- **What the task requires**: An exact reprint of every record below is required, with the pictures left out.

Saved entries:
◆ ◆ ◆ ◆ ◆ ◆ ◆
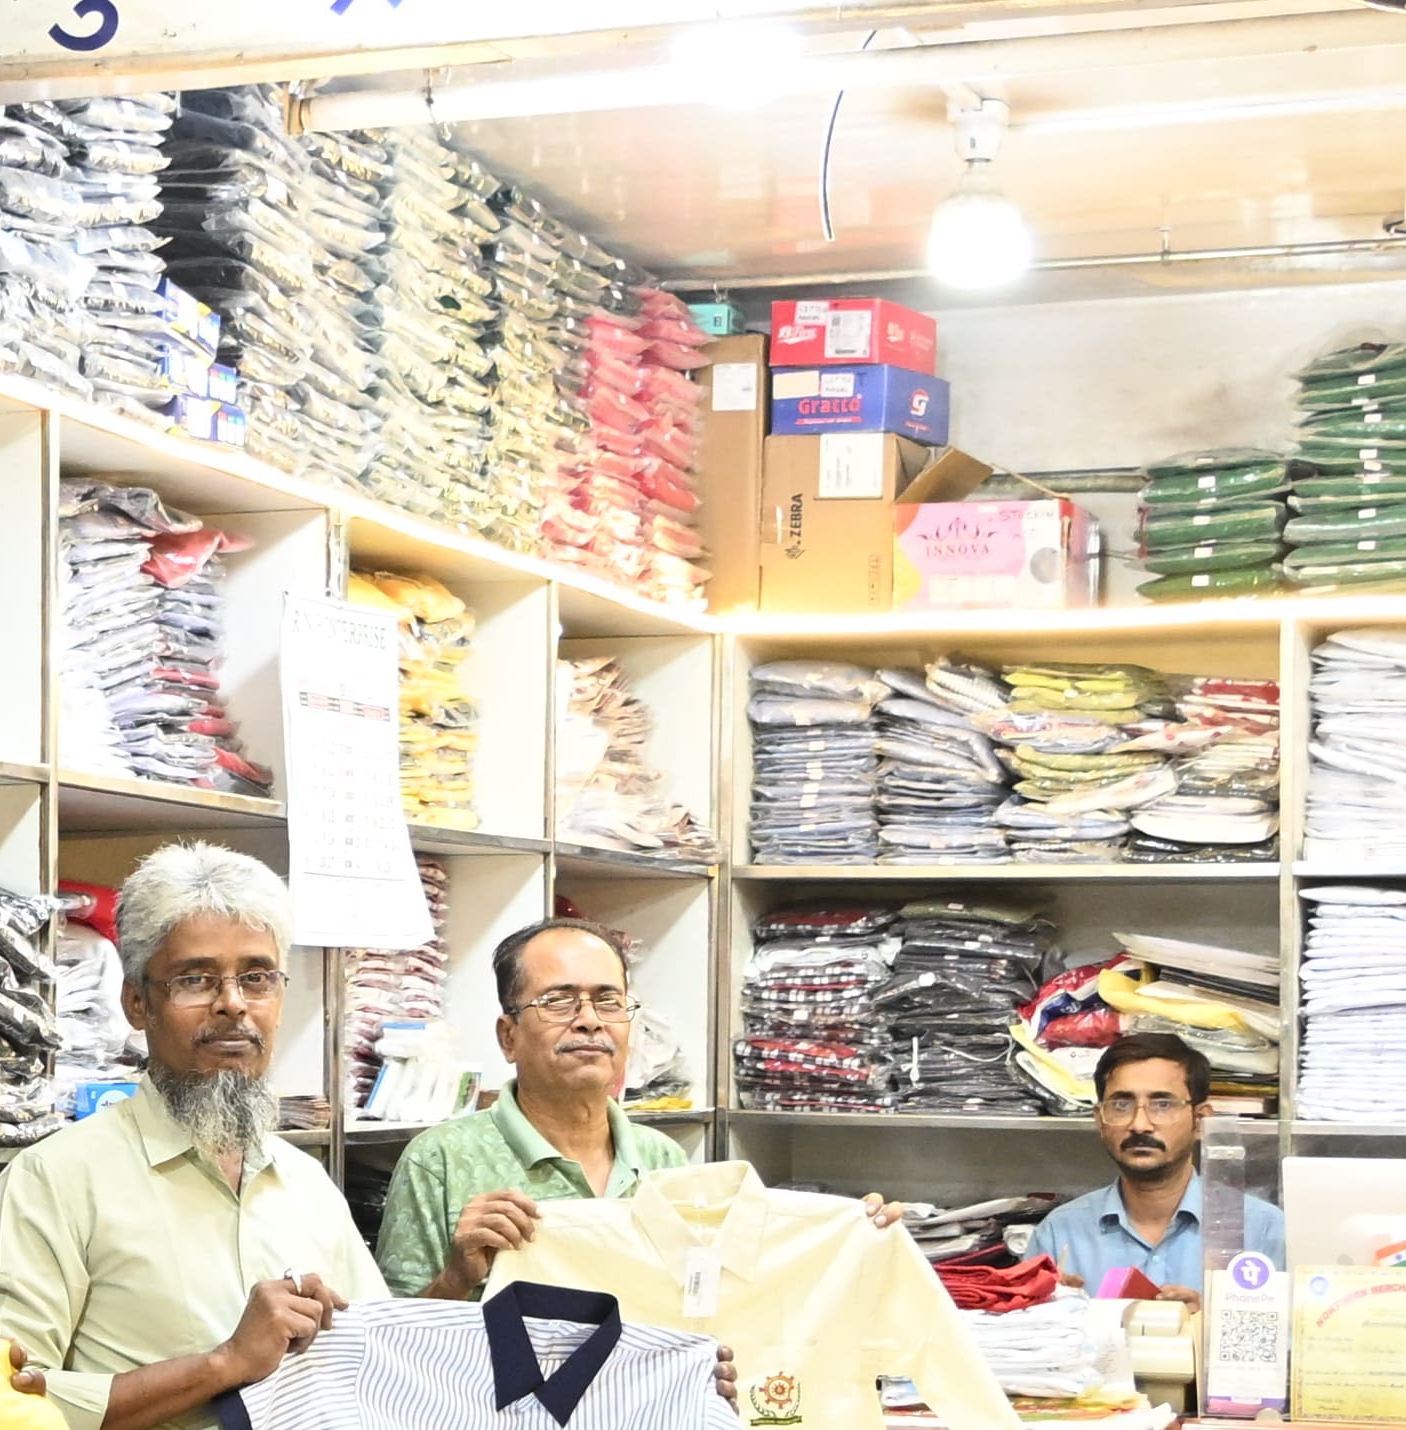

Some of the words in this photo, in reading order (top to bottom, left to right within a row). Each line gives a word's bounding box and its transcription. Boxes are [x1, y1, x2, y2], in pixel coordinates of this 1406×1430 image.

[789, 493, 804, 538] ZEBRA
[926, 543, 990, 557] INNOVA
[1225, 1291, 1275, 1304] PhonePe
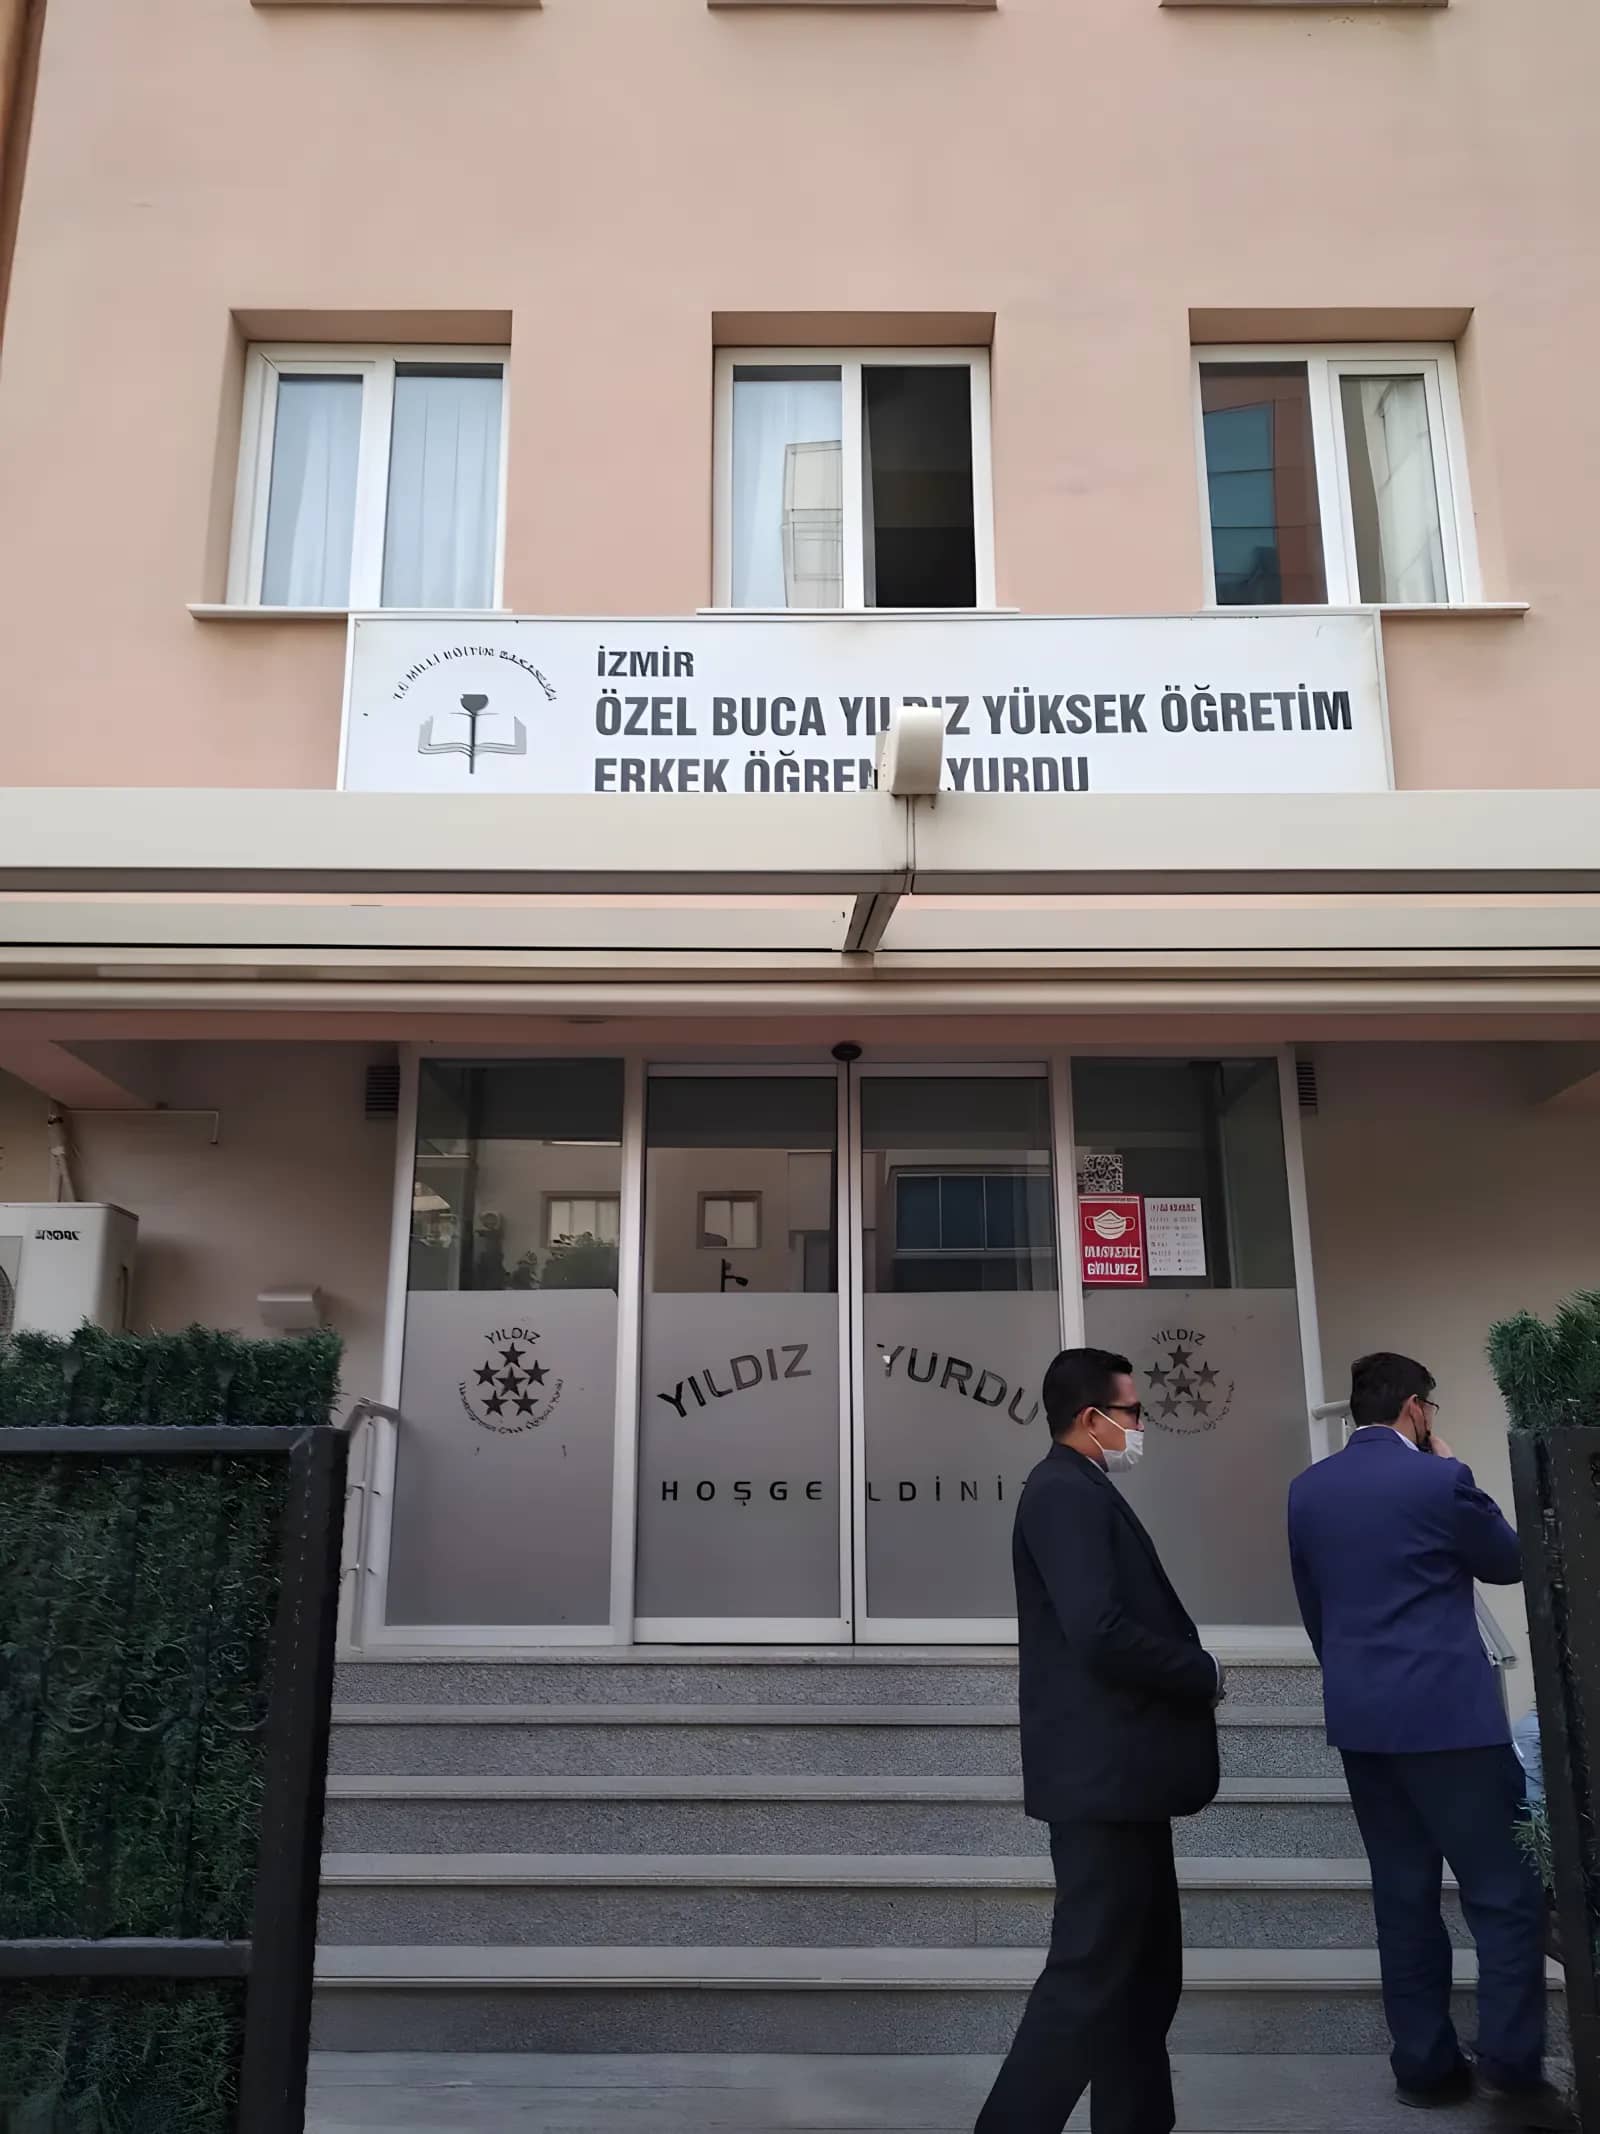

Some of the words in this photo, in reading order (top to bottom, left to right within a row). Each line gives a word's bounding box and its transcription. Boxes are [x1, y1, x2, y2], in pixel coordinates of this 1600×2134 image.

[597, 645, 695, 678] İZMİR
[595, 688, 697, 737] ÖZEL
[712, 696, 827, 737] BUCA
[982, 686, 1148, 736] YÜKSEK
[1160, 682, 1353, 734] ÖĞRETİM
[594, 757, 731, 793] ERKEK
[945, 756, 1089, 793] YURDU
[484, 1327, 541, 1345] YILDIZ
[1151, 1328, 1207, 1346] YILDIZ
[656, 1343, 812, 1418] YILDIZ
[876, 1343, 1040, 1426] YURDU
◆ ◆ ◆ ◆ ◆ ◆ ◆
- **Answer for this exercise**:
Some of the words in this photo, in reading order (top to bottom, left to right within a row). Each line gives a word's bounding box and its transcription. Boxes are [x1, y1, x2, y2], in pixel coordinates of this 1406×1430 image.

[789, 493, 804, 538] ZEBRA
[926, 543, 990, 557] INNOVA
[1225, 1291, 1275, 1304] PhonePe

Some of the words in this photo, in reading order (top to bottom, left to right within a row). Each line gives a word's bounding box and its transcription. Boxes are [x1, y1, x2, y2], in pixel coordinates of this 1600×2134 image.

[597, 645, 695, 678] İZMİR
[595, 688, 697, 737] ÖZEL
[712, 696, 827, 737] BUCA
[982, 686, 1148, 736] YÜKSEK
[1160, 682, 1353, 734] ÖĞRETİM
[594, 757, 731, 793] ERKEK
[945, 756, 1089, 793] YURDU
[484, 1327, 541, 1345] YILDIZ
[1151, 1328, 1207, 1346] YILDIZ
[656, 1343, 812, 1418] YILDIZ
[876, 1343, 1040, 1426] YURDU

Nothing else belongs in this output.